Selebgram bisa seorang pencinta fotografi, traveler, pencinta kopi, penggila makeup, pencinta hewan, model, atau sekadar penyuka humor. Mereka memiliki ribuan hingga jutaan followers.

Istilah selebgram ini ternyata tak hanya dikenal di Indonesia. Istilah ini juga beredar luas di seluruh masyarakat dunia. Salah satu Selebgram yang cukup kontroversial yakni Lauryn Goodman.

Selebgram cantik ini menjadi buah bibir netizen lantaran dirinya sering memamerkan gaya hidup mewah. di unggahan Instagramnya.

Namun sayangnya, Lauryn menggunakan cara yang salah untuk mendapatkan semua kemewahan yang ia miliki.

Dilansir dari Mirror, 3 tahun yang lalu Lauryn pernah menipu pemerintah demi mendapat tunjangan kesejahteraan termasuk dana untuk tempat tinggal demi pamer hidup mewah.

Di negara asalnya, Inggris, pemerintah memang menanggung kesejahteraan warganya yang kurang mampu.

Jika melihat unggahan Instagramnya, tentu saja Lauryn tidak termasuk kualifikasi tidak mampu.

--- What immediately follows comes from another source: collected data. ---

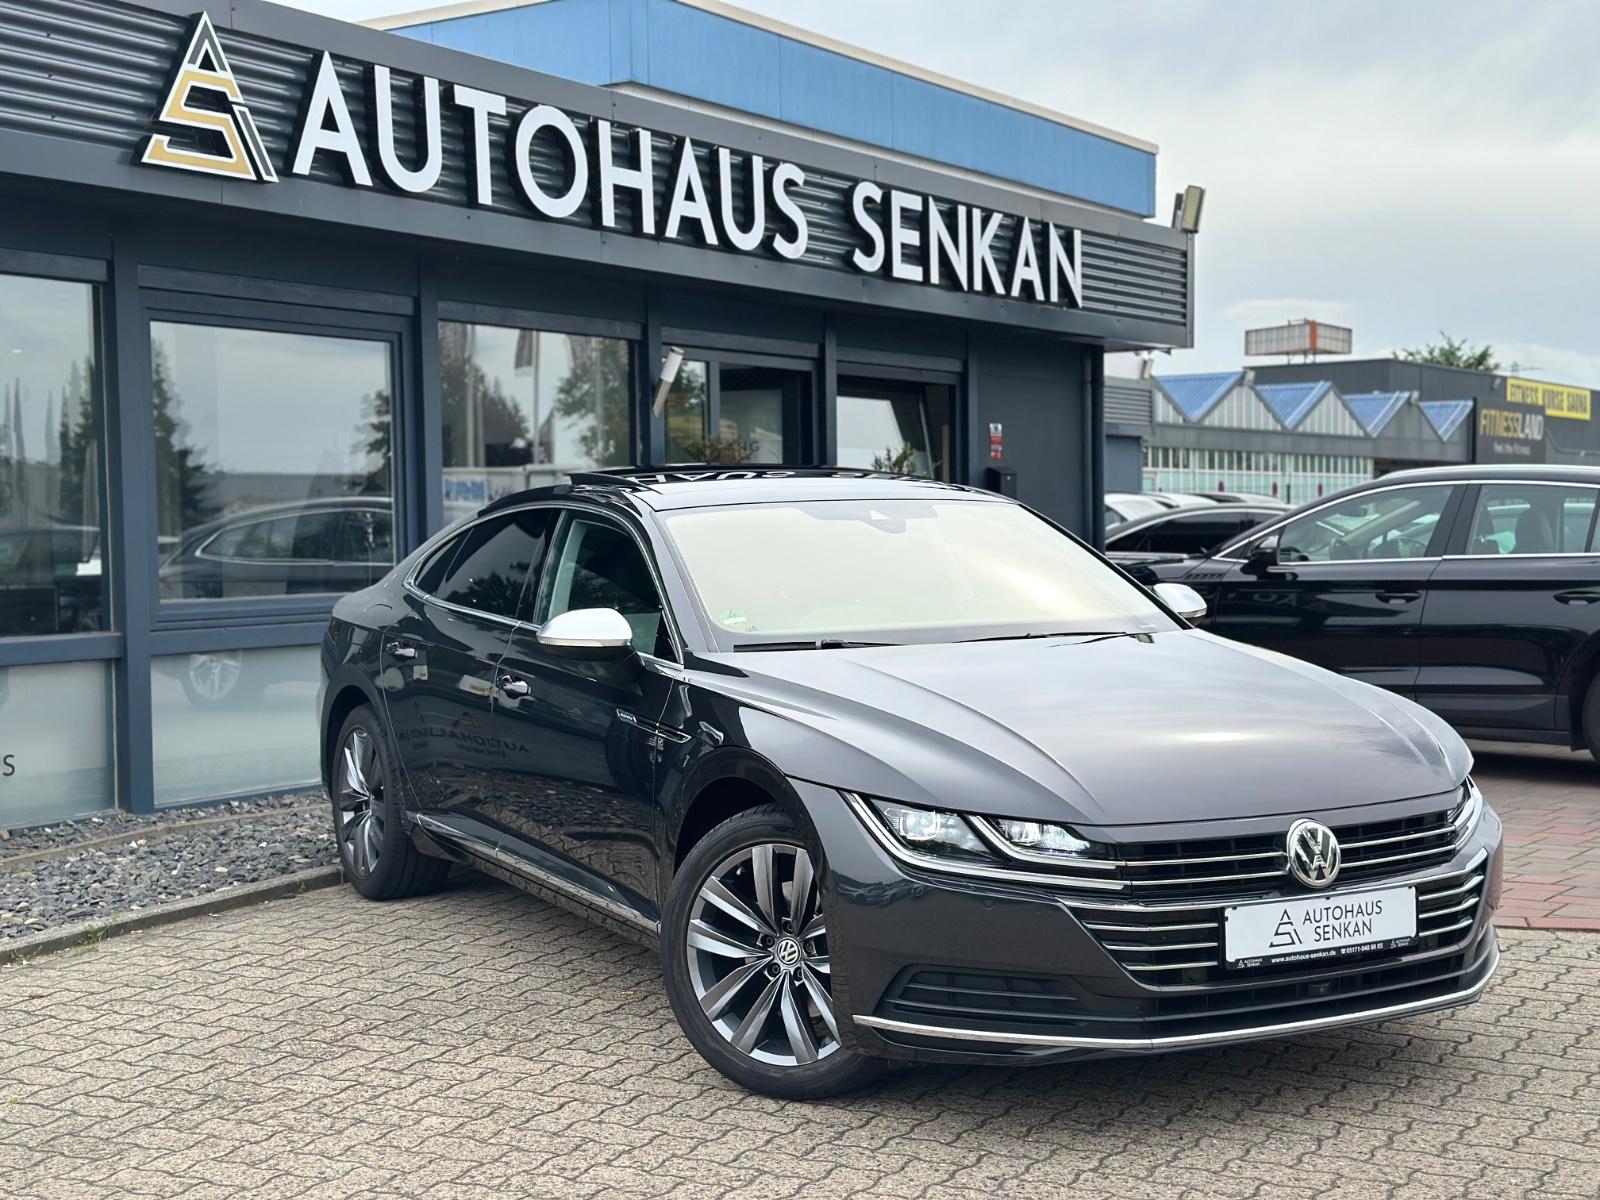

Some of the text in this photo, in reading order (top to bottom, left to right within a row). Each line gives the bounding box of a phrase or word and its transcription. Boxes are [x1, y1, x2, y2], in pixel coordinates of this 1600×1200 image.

[293, 50, 1083, 308] AUTOHAUS SENKAN
[2, 754, 16, 777] S
[1303, 901, 1382, 924] AUTOHAUS
[1314, 919, 1372, 942] SENKAN
[1271, 950, 1336, 963] www.autohaus-senkan.de

Dia kerap pamer barang bermerek yang harganya jelas tidak murah.

Lauryn lolos dari hukuman penjara

Selebgram
Lauryn Goodman. (foto: Instagram/@lauryngoodman91)

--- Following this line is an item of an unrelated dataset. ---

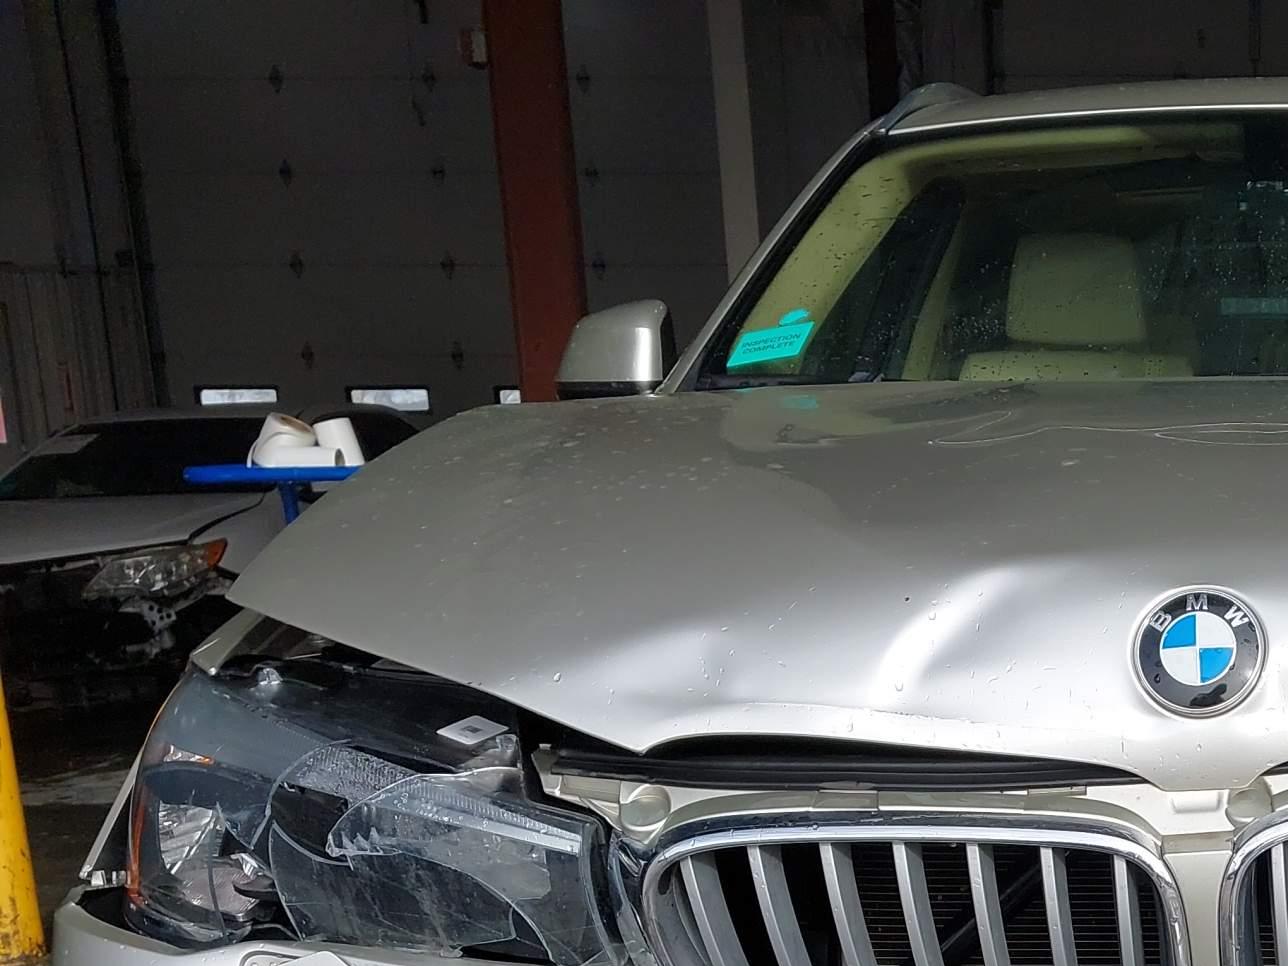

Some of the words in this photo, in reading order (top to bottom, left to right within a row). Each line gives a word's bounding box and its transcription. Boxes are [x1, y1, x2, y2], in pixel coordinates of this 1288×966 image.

[742, 334, 801, 348] INSPECTION
[742, 341, 795, 354] COMPLETE
[1150, 593, 1249, 632] BMW

Akun Instagram Lauryn, @lauryngoodman91, juga tak pernah sepi dari unggahan dirinya sedang liburan seolah-olah hidupnya memang bergelimang harta.

Benar saja, Lauryn dinyatakan bersalah atas semua perbuatan kriminalnya. Dia terbukti mendapatkan tunjangan ‘kesejahteraan’ hingga hampir 400 juta untuk bergaya hidup mewah.

Namun sayangnya, gadis cantik ini tidak pernah mendapat hukuman penjara karena hakim menganggap Lauryn ‘sudah cukup menyesal’ atas perbuatannya dan dirinya sudah cukup depresi karena hal ini.

Meski demikian, hukuman pidana percobaan tetap menghantuinya. Wanita yang selalu didampingi kakaknya selama proses hukum berlangsung ini cukup membayar denda Rp 12 juta saja sebagai ganti rugi atas perbuatan yang ia lakukan.